Assesment of orexin receptor 1 in stress attenuated nociceptive behaviours in formalin test

It is known that acute and chronic stress induce hormonal and neuronal changes which affecting both pain threshold and nociceptive behaviours. Orexin plays an important role in modulation of pain and stress. Considering pain modulation during stress and the role of orexin in pain and stress, orexin might be involved in pain modulation during stress.We evaluated the involvement of orexin receptor-1in acute immobilization stress on the tonic pain model. Adult male, Wistar rats (200–300 g), placed in a stereotaxic apparatus and canulla were inserted into their left cerebral ventricle.
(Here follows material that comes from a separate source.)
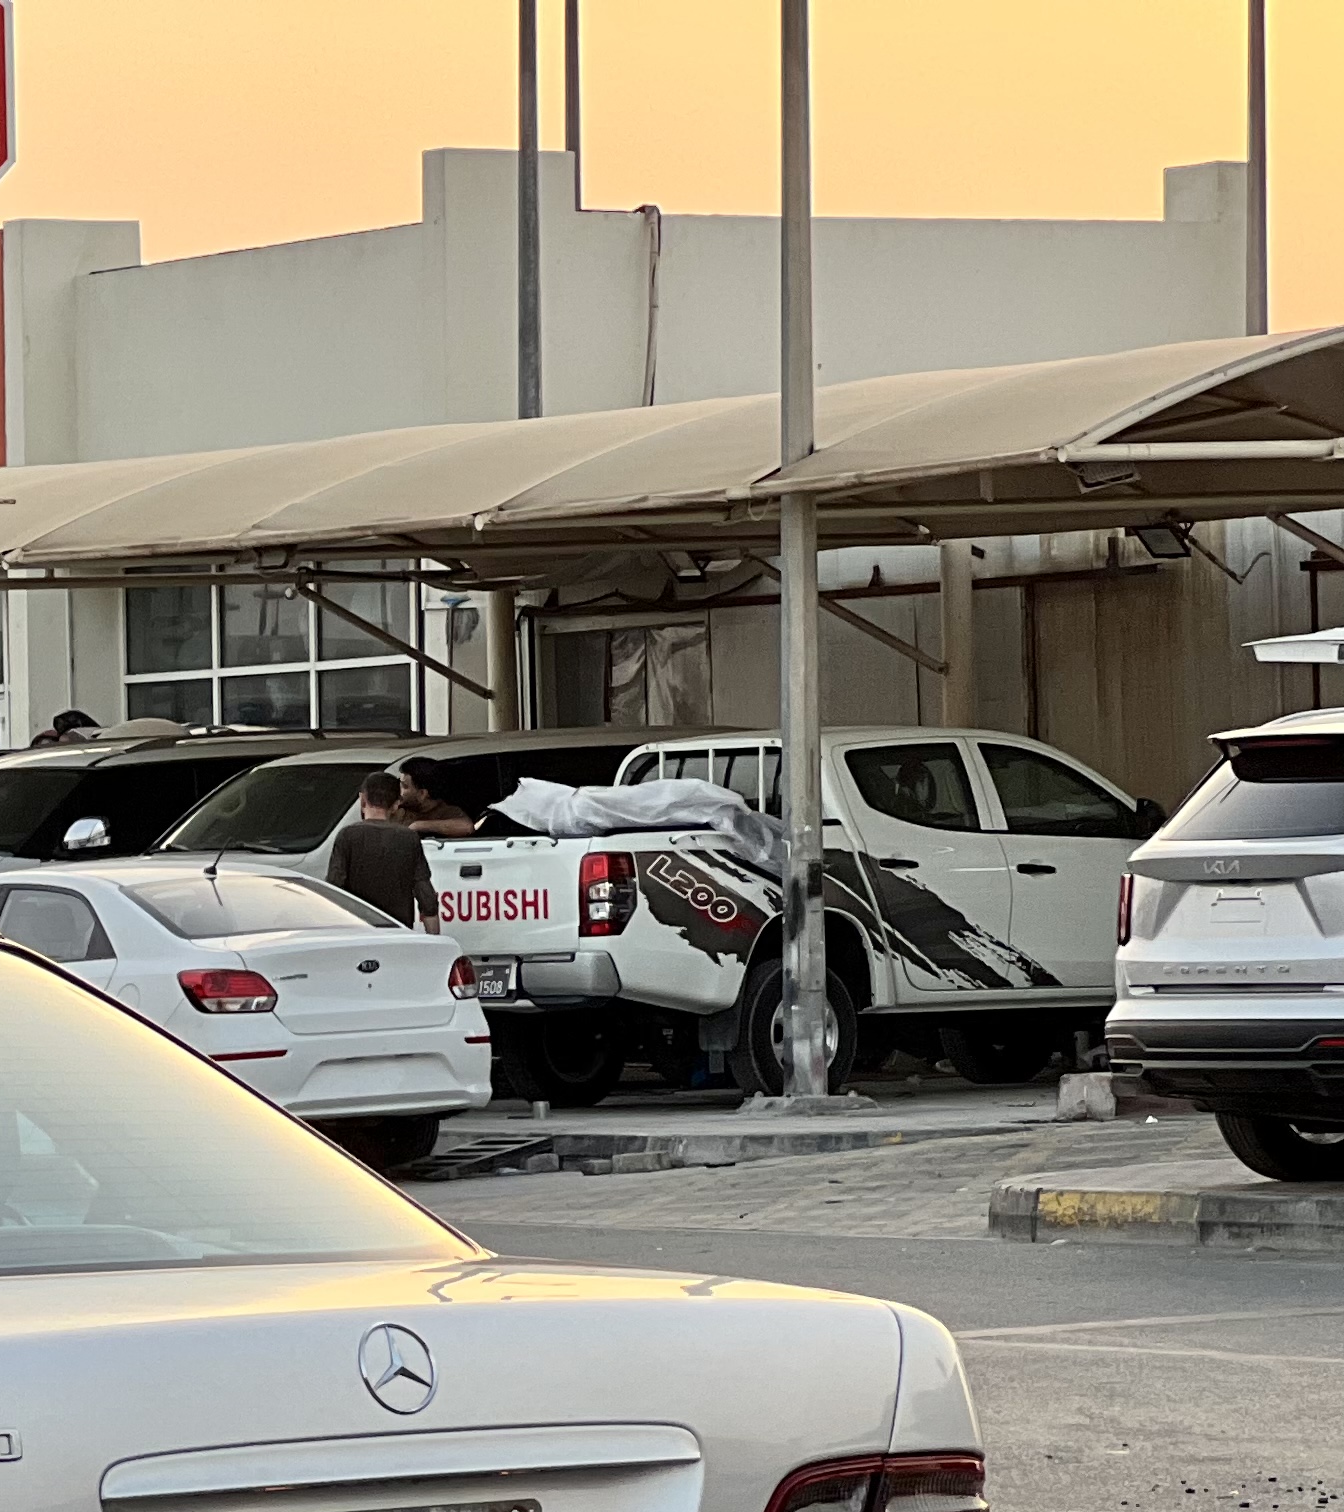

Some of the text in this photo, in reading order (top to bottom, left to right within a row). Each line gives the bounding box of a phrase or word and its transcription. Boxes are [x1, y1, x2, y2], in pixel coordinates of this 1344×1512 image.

After 1 week of recovery, animals were initially submitted to one session of acute restraint stress (30 min) and immediately submitted to formalin injection in the hind paw to evaluate nociceptive behaviours. Orexin receptor 1 antagonist (SB 334867) was injected intracerebroventricularly, 5 minute before formalin injection, while the solvent was injected in the control group. two percent formalin produced typical biphasic pain responses in rats that was observed for more than 1 hour. Acute exposure to restraint stress reduced the nociceptive behaviour by chemical stimulation in phase 1, interphase and phase 2. The short-term stress induced analgesia was reflected in a decrease in the nociceptive behaviour during phase 1, whereas the long-term stress induced analgesia was reflected in a decrease in the nociceptive behaviours during phase 2. Pretreatment with orexin receptor 1 antagonist (SB 334867) attenuated the antinociceptive behavioral effect of restraint stress. Our results indicate that orexin receptor 1 antagonist attenuated antinociceptive effect of restraint stress assessed by formalin. These findings show that orexin receptor 1 might mediate an opioid-independent stress-induced analgesia.